La discussione, coordinata dal giornalista Marco Zatterin, si è svolta il giorno dopo l’approvazione del sesto pacchetto di sanzioni alla Russia da parte della Unione Europea, con la decisione di tagliare le importazioni di petrolio russo provenienti dal mare entro la fine del 2022. Si una decisione di compromesso che comunque ha determinato un aumento del prezzo del greggio a 120 dollari al barile.

Secondo Michael Spence i Paesi occidentali si avviano verso una recessione, determinata, oltre che dalle pressioni inflazionistiche, anche dagli effetti bellici ed in particolare dalla pesante discontinuità energetica infitta dalle sanzioni verso la Russia.

Per affrontare questo delicato passaggio occorre mettere in campo interventi di politica fiscale e spingere con decisione in direzione della rivoluzione digitale, che può determinare una crescita della produttività.

Sul futuro energetico, paradossalmente, gli attuali prezzi alti delle risorse energetiche spingeranno verso modelli di consumo più efficienti, come peraltro già accadde in occasione delle crisi petrolifere degli anni Settanta.

Roberto Cingolani ha sottolineato che le ultime dodici settimane hanno impartito lezioni molto profonde all’economia internazionale: si è dimostrata l’interdipendenza energetica che ha evidenziato la debolezza di un mercato molto concentrato dei produttori, in una fase resa già complessa dagli impegni di tutti gli Stati verso la transizione orientata alla riduzione delle emissioni inquinanti, con la decisione strategica di abbandonare le energie fossili.

Rimpiazzare il gas russo da altri Paesi o da altre fonti è in realtà un’operazione molto complessa anche perché la transizione energetica cinese è basata sul passaggio dal carbone al gas: il colosso asiatico dovrà passare da 300 milioni di metri cubi a 500, con una pressione molto robusta in un mercato che già presenta tensioni dal lato della domanda.
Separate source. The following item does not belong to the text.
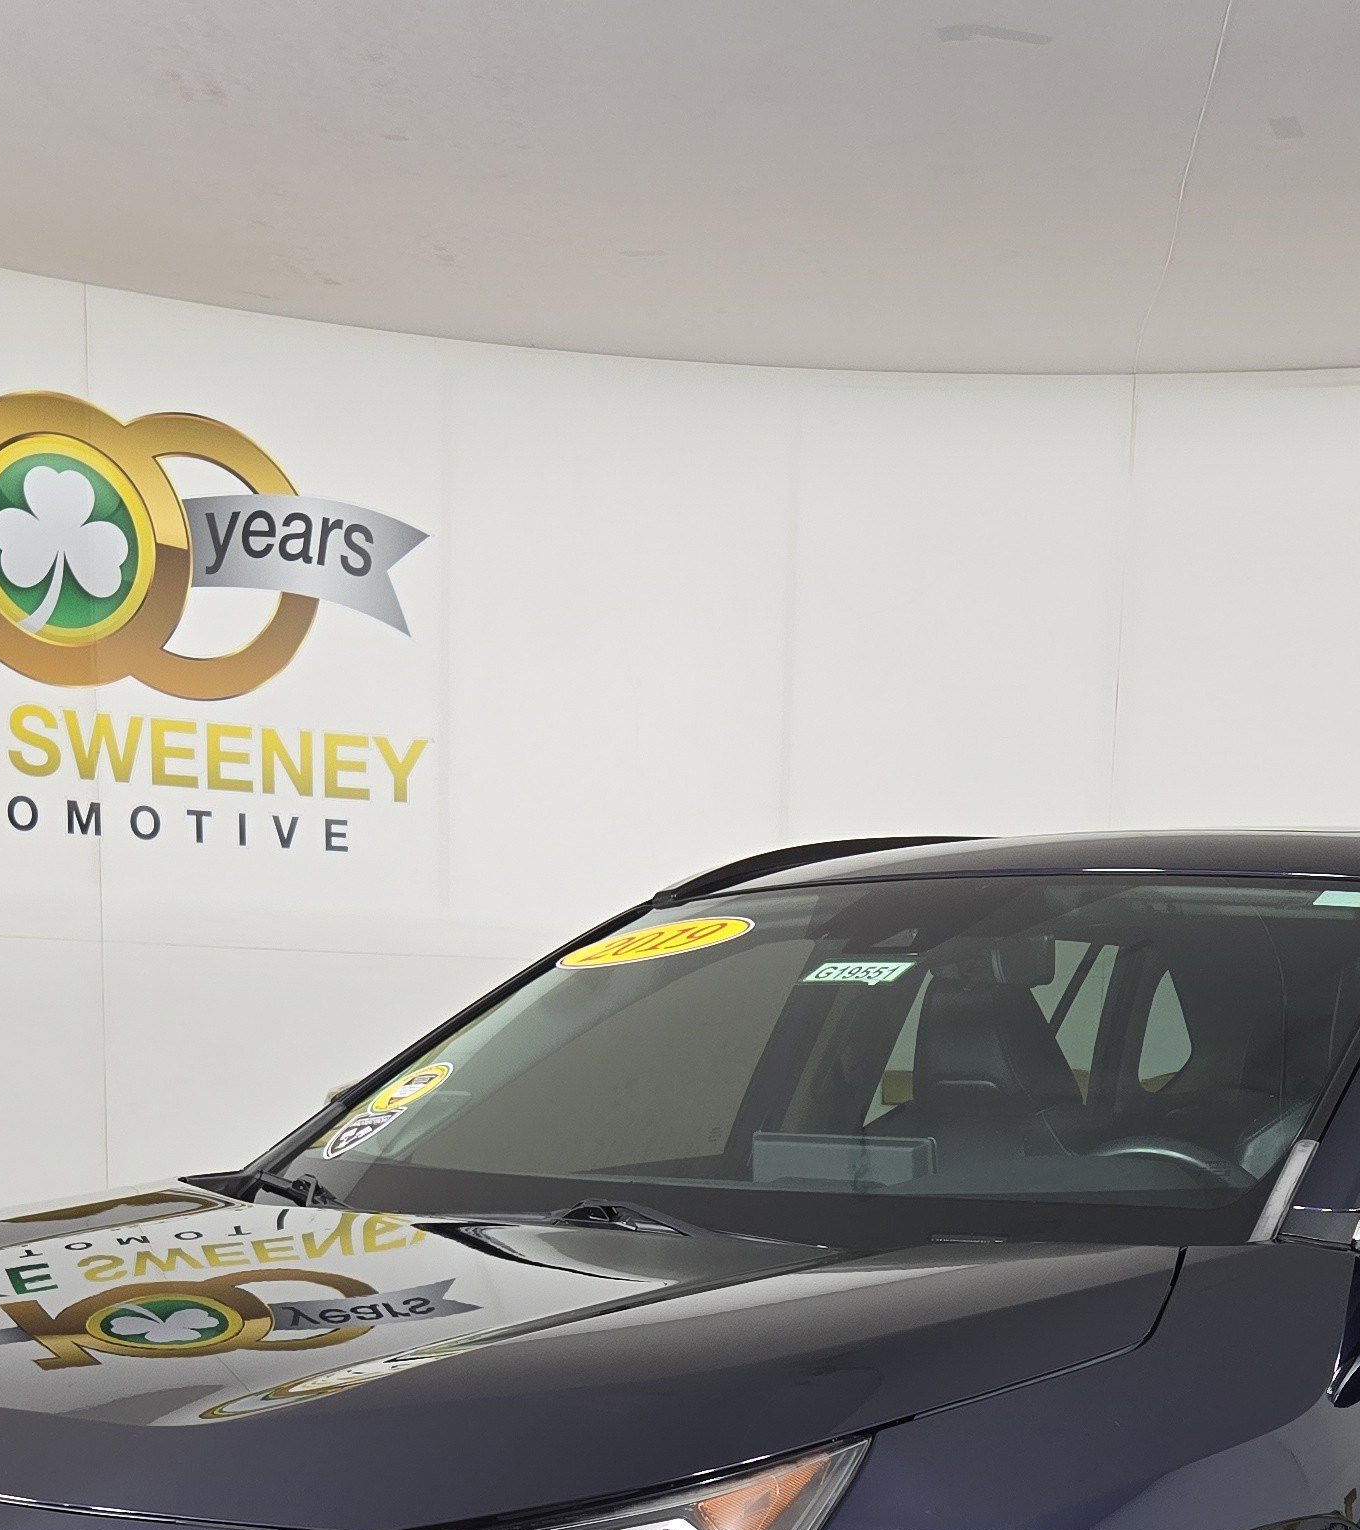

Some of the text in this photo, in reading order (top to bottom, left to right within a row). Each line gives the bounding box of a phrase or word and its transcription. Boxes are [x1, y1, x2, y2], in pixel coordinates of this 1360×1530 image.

[202, 508, 375, 578] years
[6, 702, 430, 804] SWEENEY
[576, 921, 730, 964] 2019
[814, 965, 901, 980] G19551
Del resto, l’insieme degli obiettivi della COP26 è molto dipendente da quello che accadrà in Cina, dal momento che questo Paese concentra il 27% delle emissioni del mondo. Solo una visione globale delle variabili in gioco può consentire di comprendere i processi di trasformazione che sono in corso.

Non possiamo peraltro dimenticare che sono oltre 3 miliardi le persone che oggi non hanno accesso all’energia. Dal punto di vista globale, la gestione della transizione energetica è un’operazione molto complessa perché si incrocia con la struttura del sistema economico internazionale e con il futuro dell’umanità.
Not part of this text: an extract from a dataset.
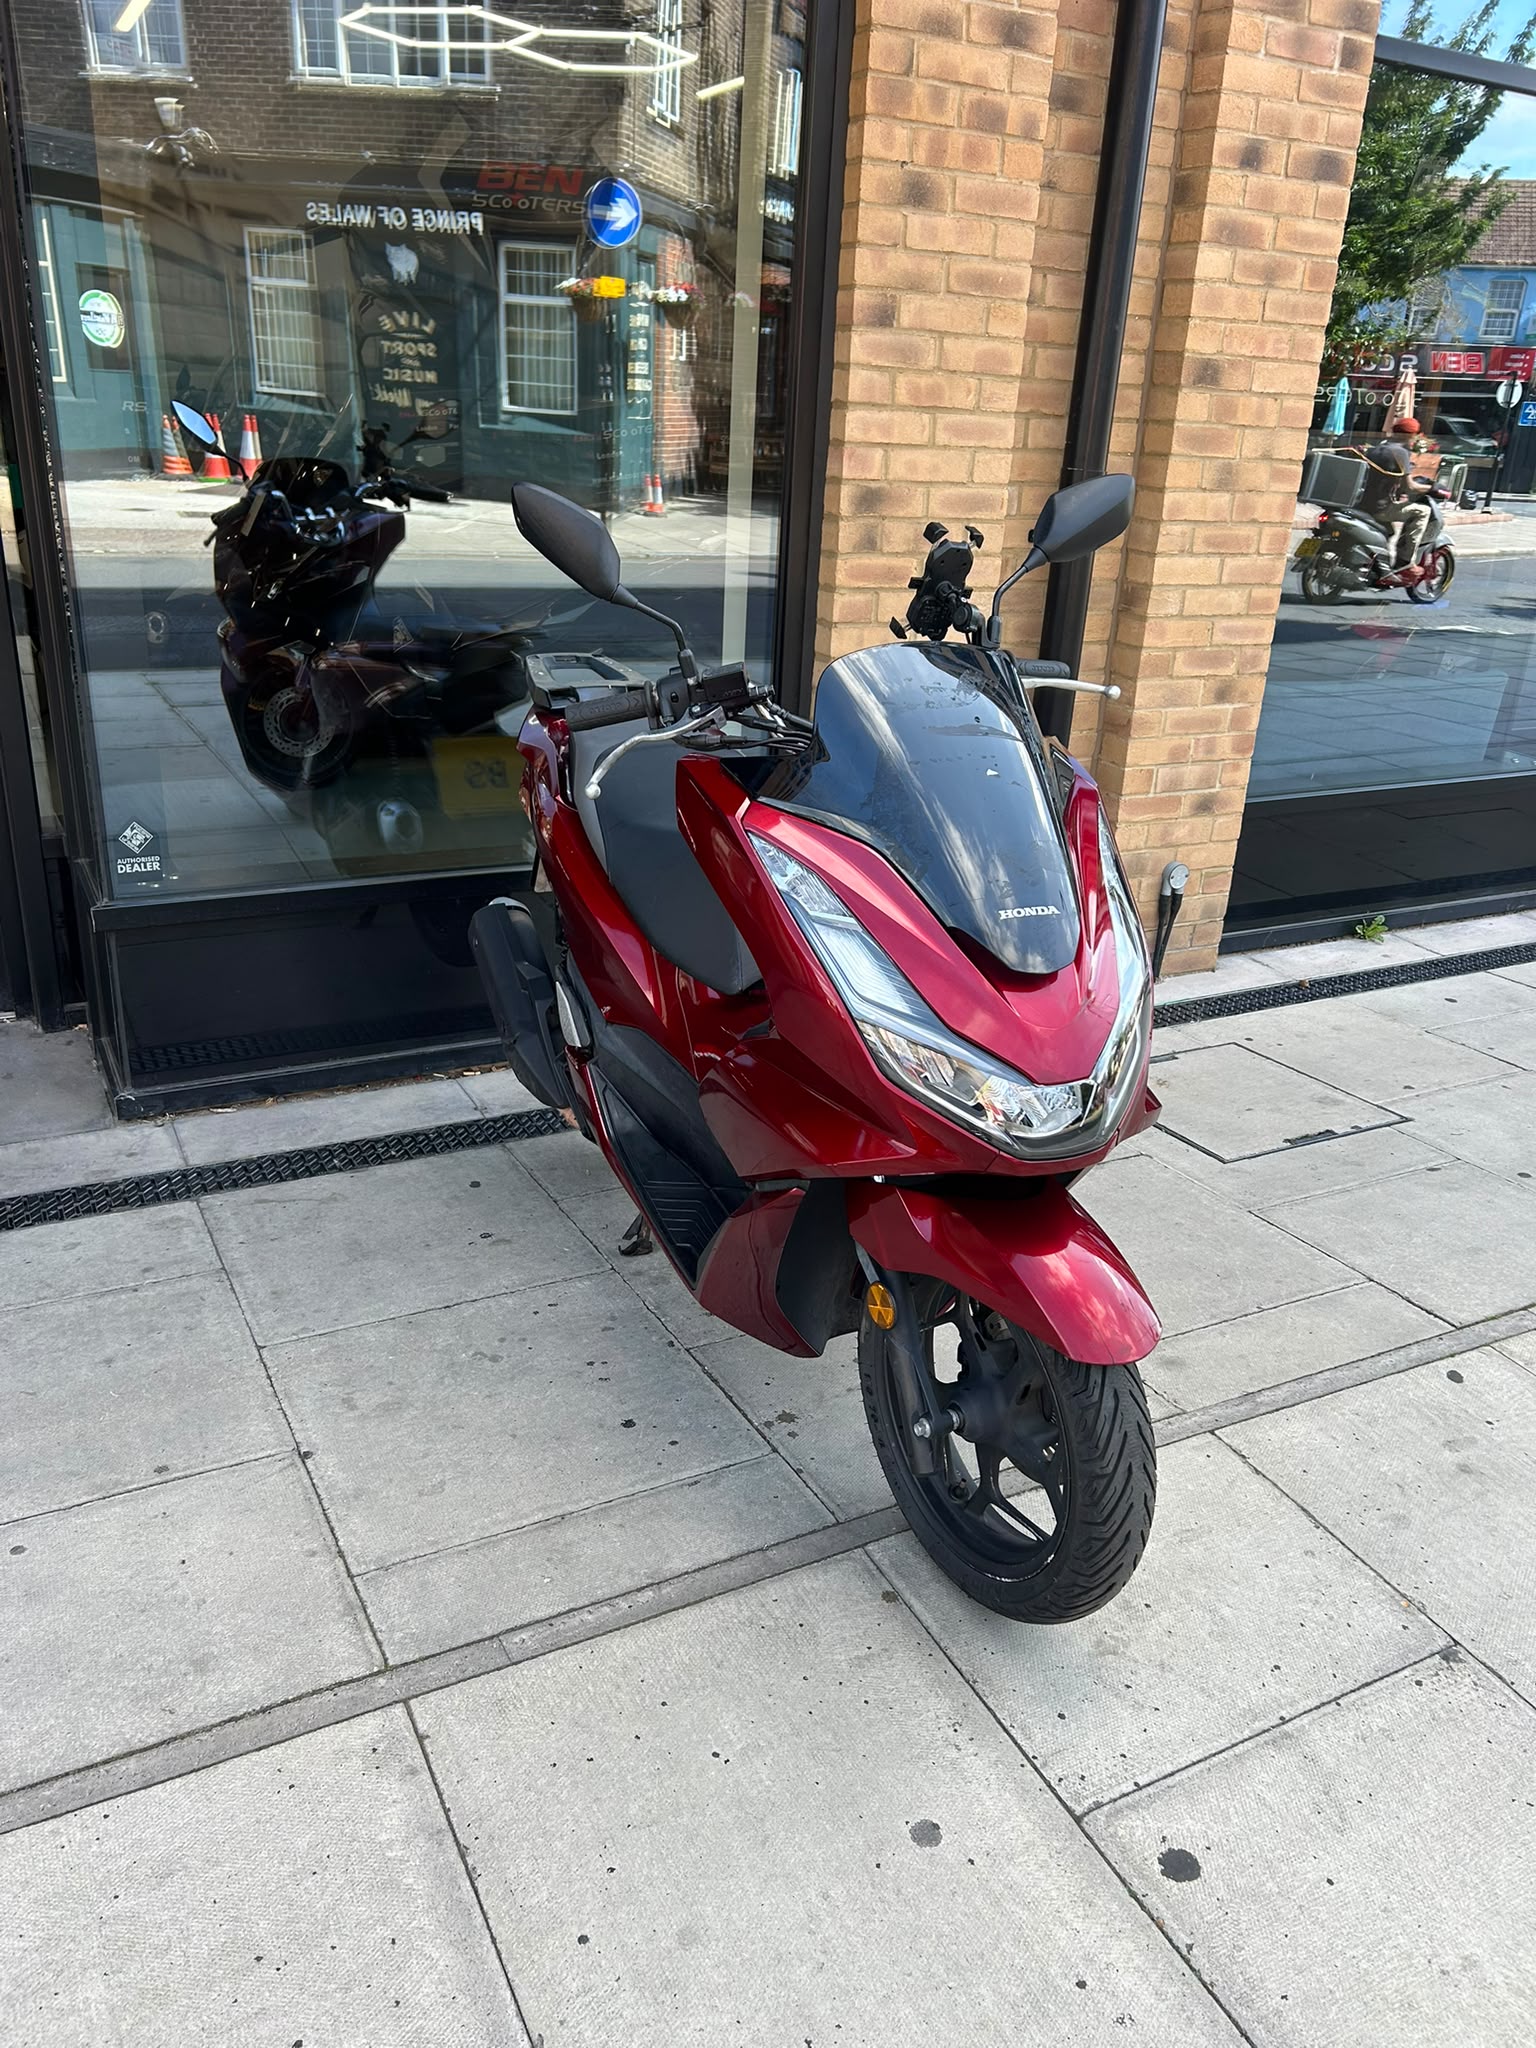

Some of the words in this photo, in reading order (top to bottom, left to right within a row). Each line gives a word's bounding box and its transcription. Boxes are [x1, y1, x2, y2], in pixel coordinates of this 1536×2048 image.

[477, 160, 584, 195] BEN
[117, 855, 160, 865] AUTHORISED
[117, 861, 161, 874] DEALER
[998, 905, 1061, 920] HONDA
Per questo occorre investire in ricerca e tecnologie sulle nuove energie. Bisogna farlo ora, senza esitazioni. Come per l’emergenza pandemica la comunità internazionale ha reagito modificando comportamenti radicati, impiegando solo otto mesi per le autorizzazioni regolatorie del vaccino, così ora c’è bisogno di una grande coalizione mondiale per realizzare in otto anni un salto tecnologico di dimensioni epocali nella produzione di nuove fonti energetiche, accelerando il percorso verso la fusione nucleare.

In conclusione, Michael Spence ha messo in evidenza che, se nel breve periodo esiste un trade off tra crescita economica e sostenibilità ambientale, nel lungo periodo invece questi due elementi diventano inevitabilmente alleati, modificando radicalmente le coordinate con le quali i sistemi produttivi affronteranno la questione dello sviluppo economico.

Proprio sulla diversificazione energetica si gioca una partita decisiva per il futuro: non potrà essere lasciata al mercato, ma dovrà essere guidata dalle politiche pubbliche, anche in un concerto multilaterale per poter ridurre i tempi di attraversamento di una transizione che non può più ormai, per diverse ragioni, essere rimandata: sono tanti gli elementi – dalla crisi climatica alle ragioni geo-politiche – che spingono verso una centralità di tale questione nell’assetto internazionale.